▸ Exercise
Beginning with the line that contains "this 1920×1015 image.", copy each subsequent line of the data below through the last one, including both ends but not the pictures.

▸ Records from a dataset
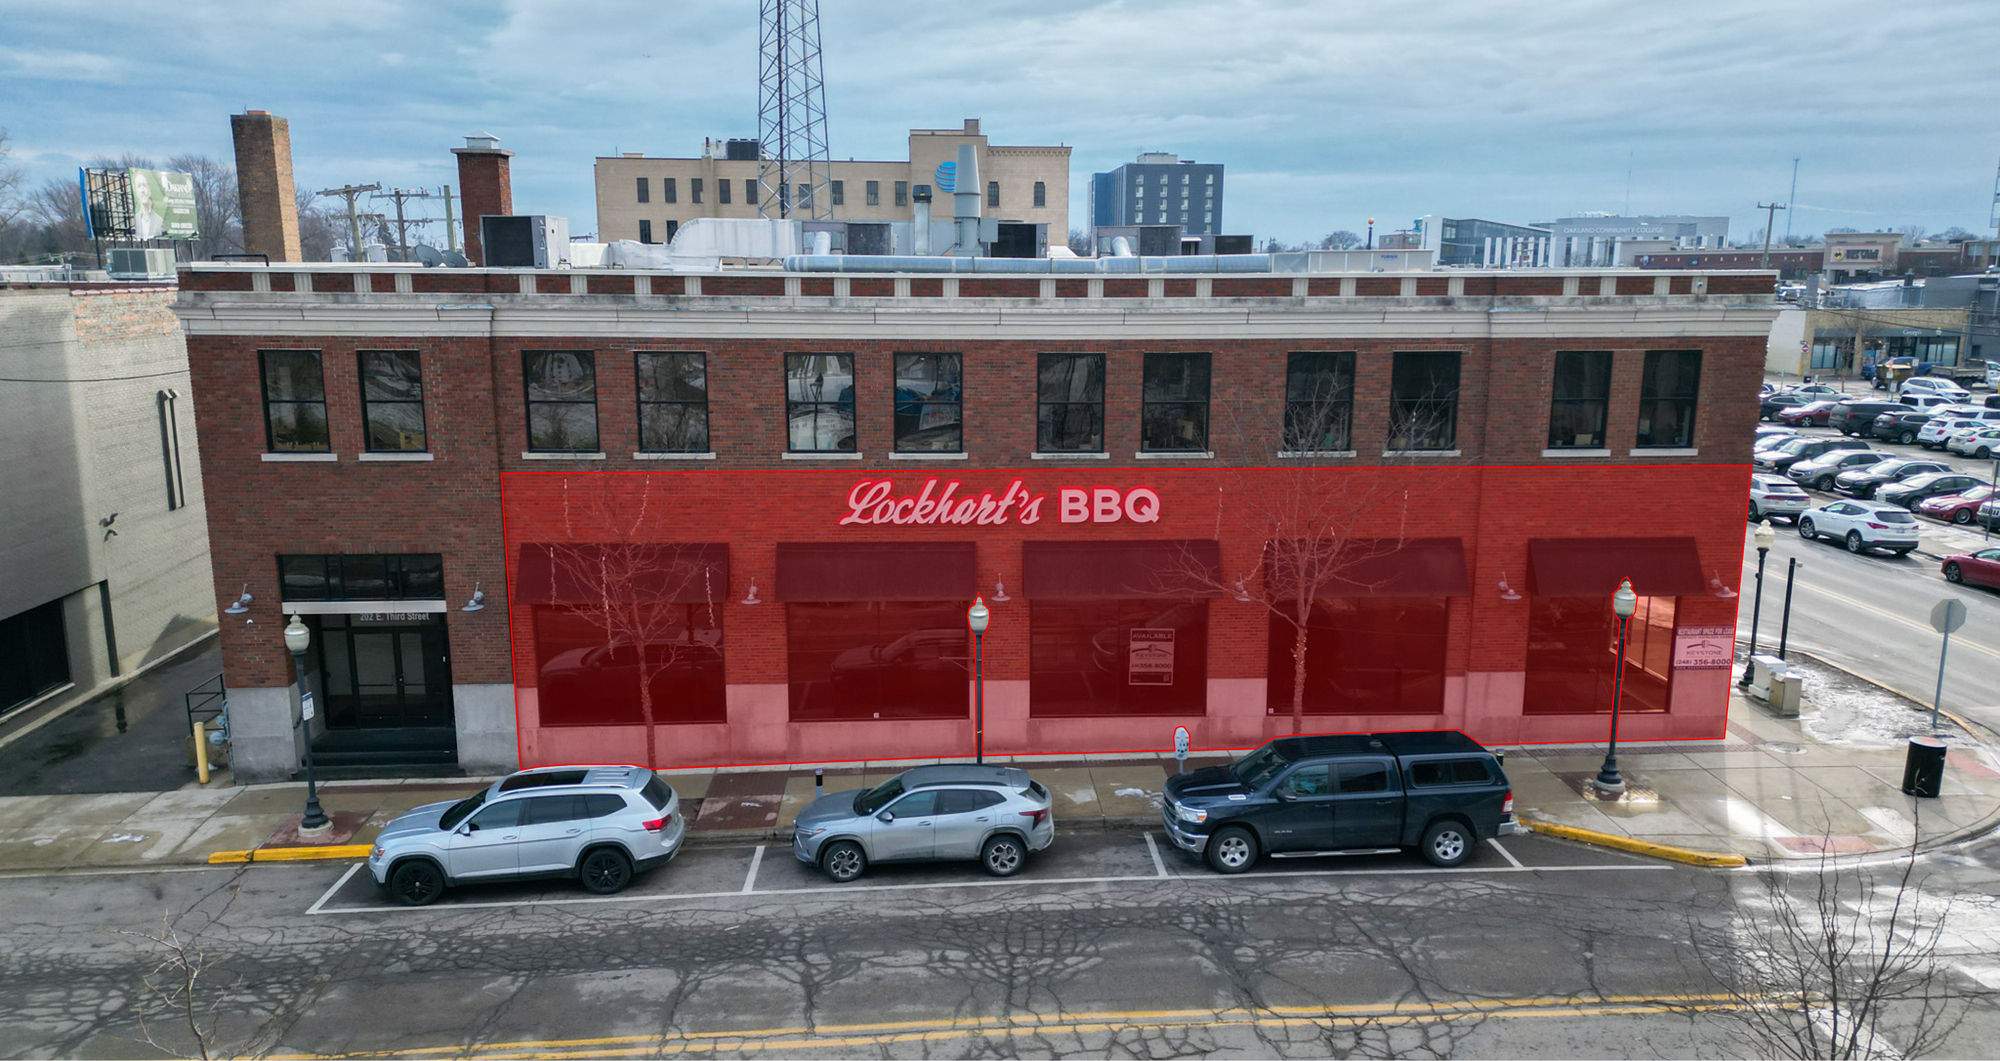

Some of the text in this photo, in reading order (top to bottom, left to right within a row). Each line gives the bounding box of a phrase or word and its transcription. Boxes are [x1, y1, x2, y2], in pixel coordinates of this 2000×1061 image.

[838, 477, 1161, 526] Lockhart's BBQ
[360, 613, 430, 621] 202 E. Third Street
[1693, 658, 1731, 666] 356-8000
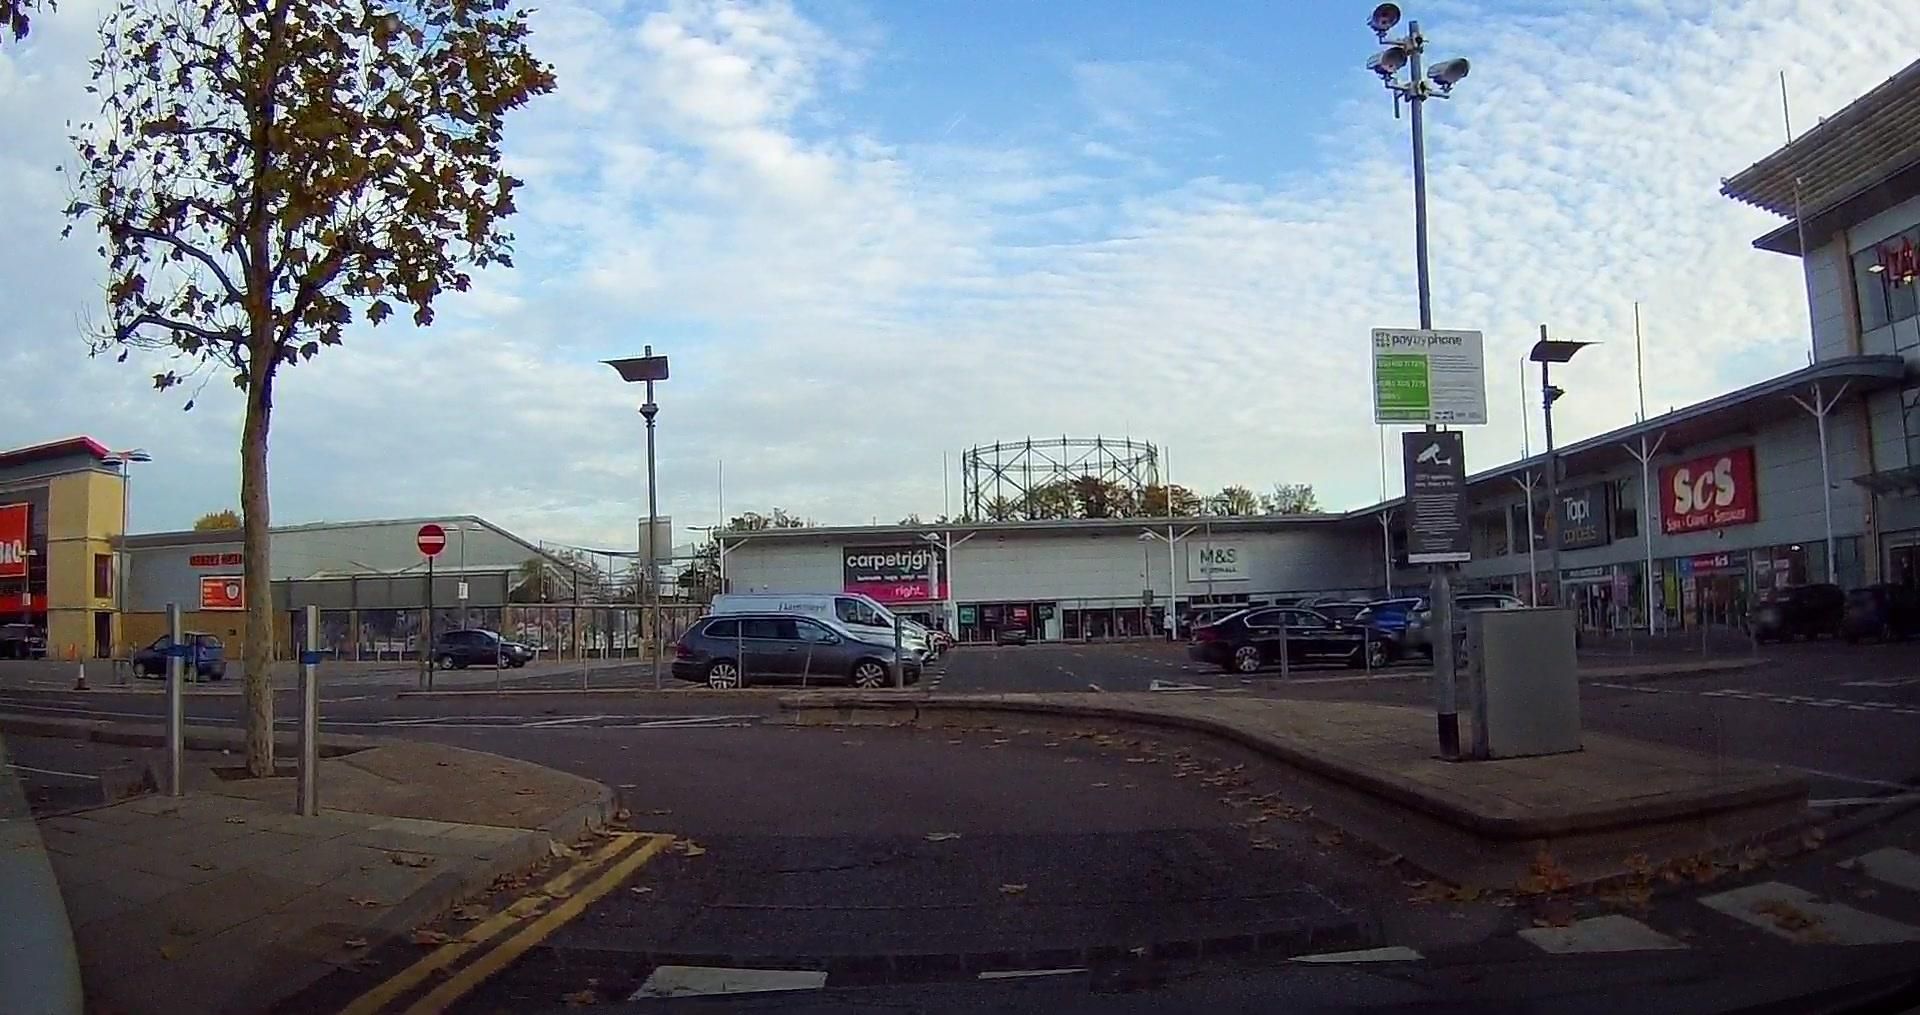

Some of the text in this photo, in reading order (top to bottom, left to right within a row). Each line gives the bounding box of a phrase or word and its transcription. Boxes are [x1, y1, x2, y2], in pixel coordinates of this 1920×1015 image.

[1392, 333, 1463, 347] paybyphone
[1673, 457, 1736, 515] ScS
[1563, 497, 1590, 525] Tapi
[1200, 548, 1236, 564] M&S
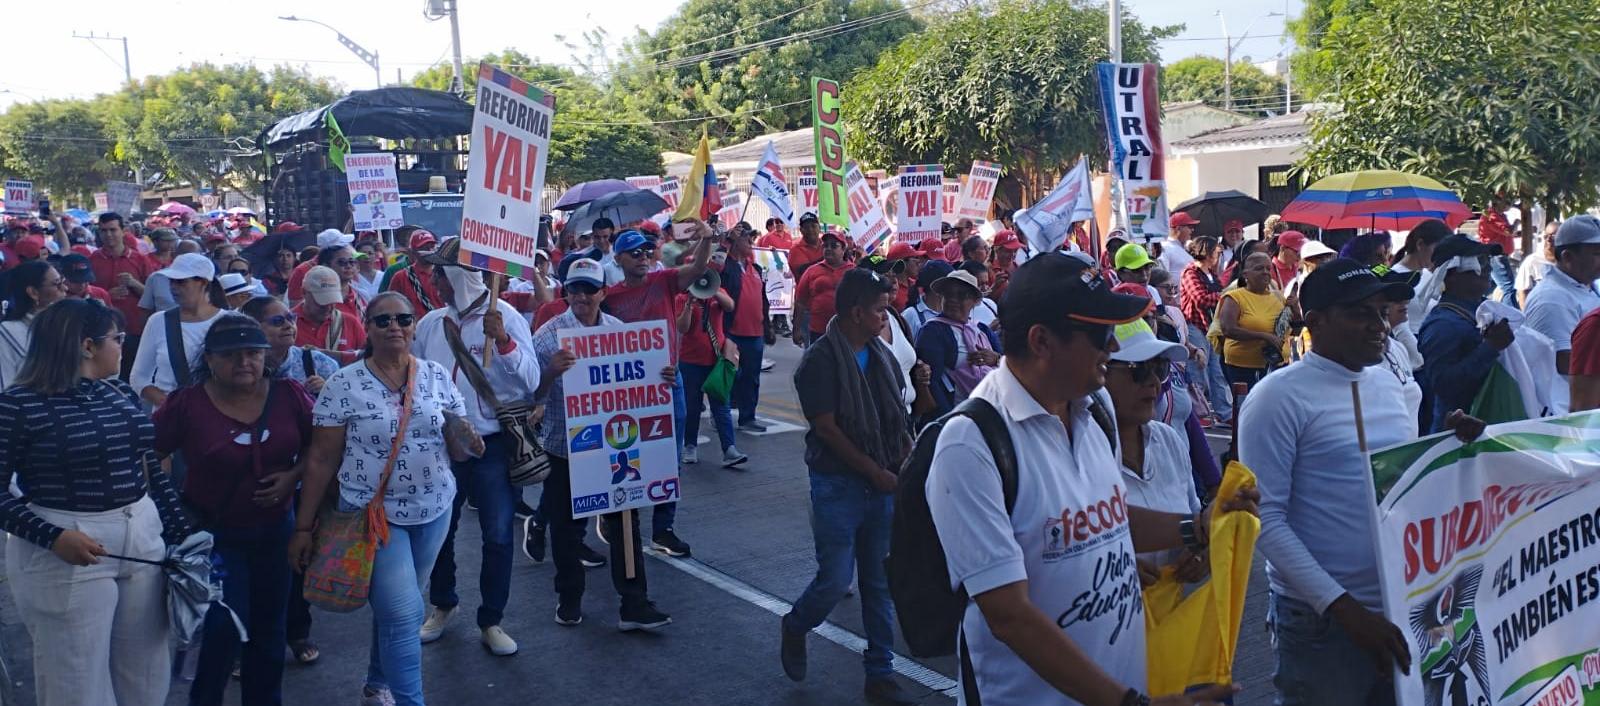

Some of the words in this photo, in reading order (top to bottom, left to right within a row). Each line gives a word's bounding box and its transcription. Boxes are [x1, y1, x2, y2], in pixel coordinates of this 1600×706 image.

▸ Written answer
Some of the text in this photo, in reading order (top to bottom, left to right within a row). Each line gives the bounding box of a phrase or word and its transcription. Boxes are [x1, y1, x2, y2], in pixel coordinates of this 1920×1015 image.

[1392, 333, 1463, 347] paybyphone
[1673, 457, 1736, 515] ScS
[1563, 497, 1590, 525] Tapi
[1200, 548, 1236, 564] M&S

Some of the words in this photo, in reading order (top to bottom, left to right within a row). Each line gives a word's bounding box and its transcription. Boxes are [x1, y1, x2, y2], in pixel coordinates of this 1600×706 image.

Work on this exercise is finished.